The pure fact of the matter is that the record clearly discloses that Neuman was a member of the Board of Inquiry. The stenographer who transcribed the record mistakenly listed him under "Persons Interrogated" instead of under "Board of Inquiry" where it properly should have been. The transcript itself is the best evidence of this. Consequently this claim of irregularity on the part of the Carrier is without merit.


It is Petitioner's final contention that there was a violation of the Agreement and due process denied the Claimants when Superintendent Bodell actively participated as a member of the Board of Inquiry when he was the next appeal officer of the Carrier after the hearing; that his sitting as a member of the Board of Inquiry deprived Claimants of their rights to an independent consideration and decision by the officer of the Carrier appealed to.


The Carrier has raised a question as to whether or not Claimants are estopped from raising this objection to the procedure as it was waived by a representative of one of the Claimants at the hearing. We will conclude that Claimants are not estopped.

12898-4 723

However, the fact that the Superintendent sat on the Board of Inquiry at the hearing did not disqualify him from considering the Claim on appeal. He had no personal knowledge of the claim and did not testify at the hearing. Furthermore, after the denial of the claim on appeal by the Superintendent, there was still an appeal to be made to the highest officer designated to receive appeals by the Carrier. There was no procedural violation in this conduct. See Award 9322 - Johnson; Award No. 12811 -Hall.

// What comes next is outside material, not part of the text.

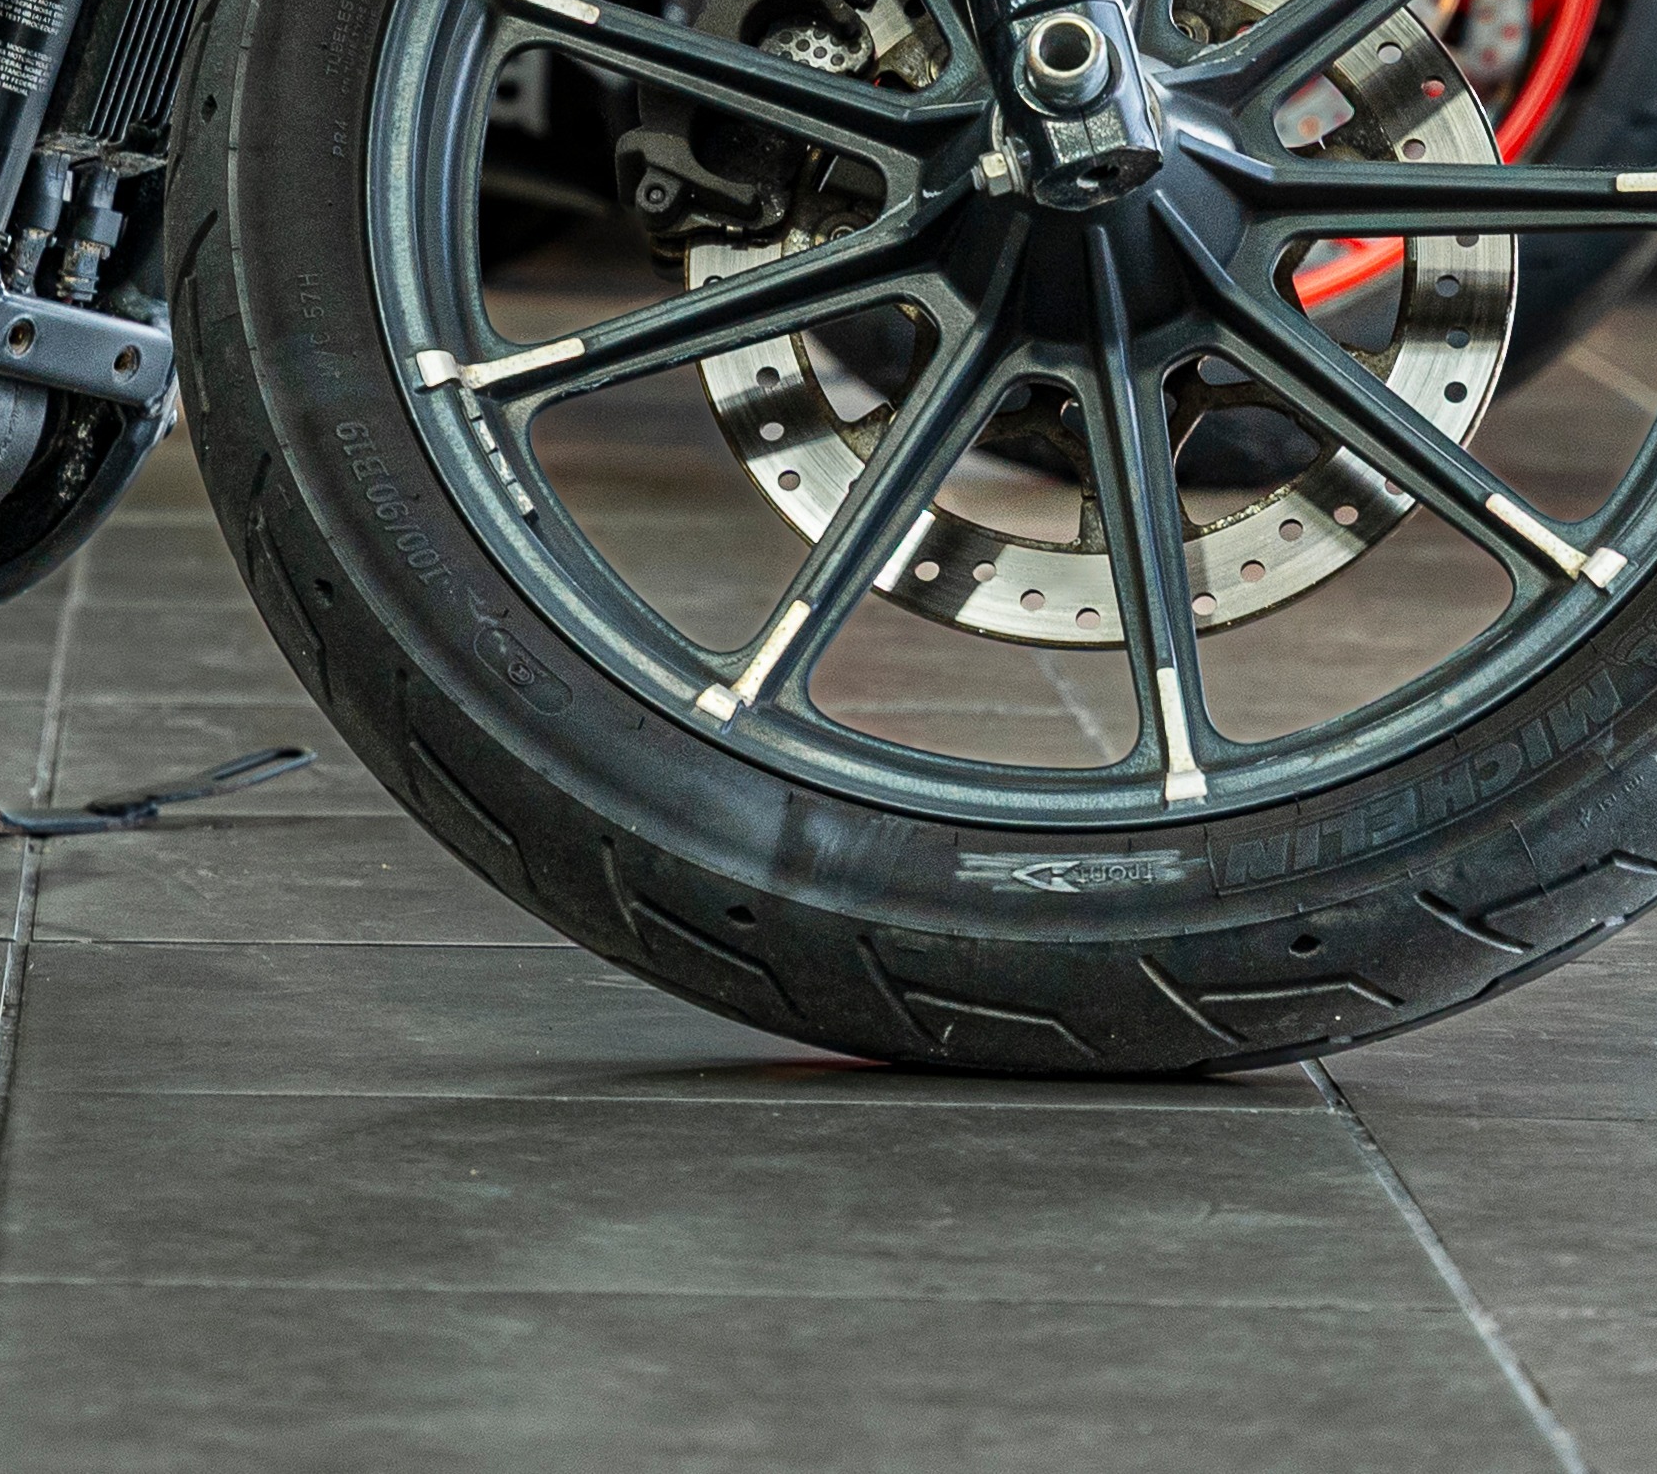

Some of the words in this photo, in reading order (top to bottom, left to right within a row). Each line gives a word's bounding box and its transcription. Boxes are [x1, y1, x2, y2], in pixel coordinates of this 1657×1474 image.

[293, 271, 327, 319] 57H
[335, 421, 453, 585] 100/90B19
[1224, 669, 1622, 886] MICHELIN
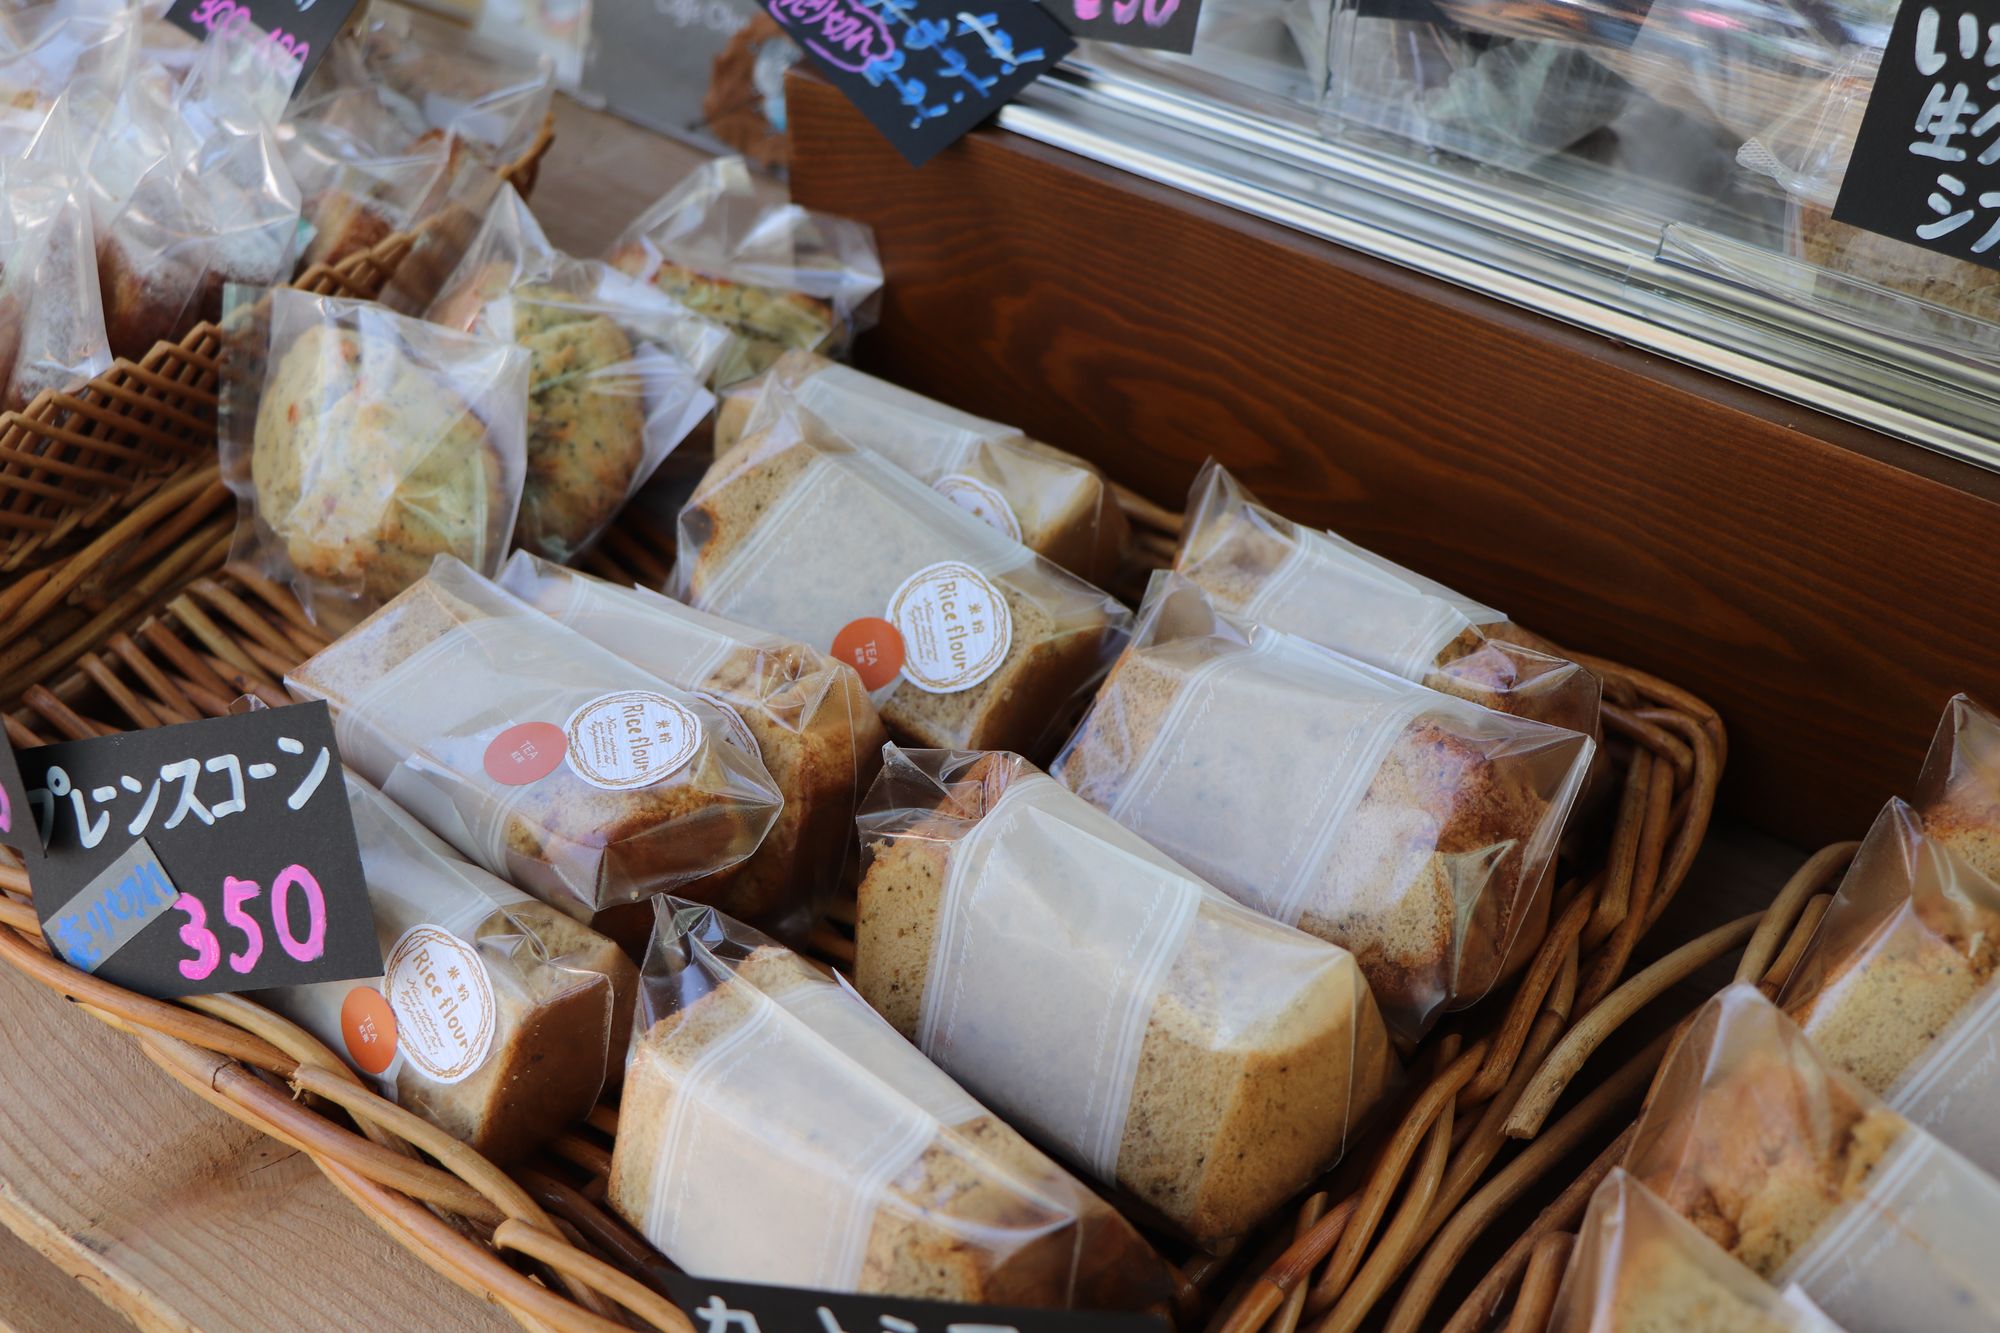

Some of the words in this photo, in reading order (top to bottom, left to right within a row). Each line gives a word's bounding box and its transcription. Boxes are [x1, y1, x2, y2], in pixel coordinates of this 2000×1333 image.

FINDINGS: The Third Division of the Adjustment Board, upon the whole record and all the evidence, finds and holds:




That the Carrier and the Employes involved in this dispute are respectively Carrier and Employes within the meaning of the Railway Labor Act, as approved June 21, 1934;


That this Division of the Adjustment Board has jurisdiction over the dispute involved herein; and












Dated at Chicago, Illinois, this 17th day of September 1964.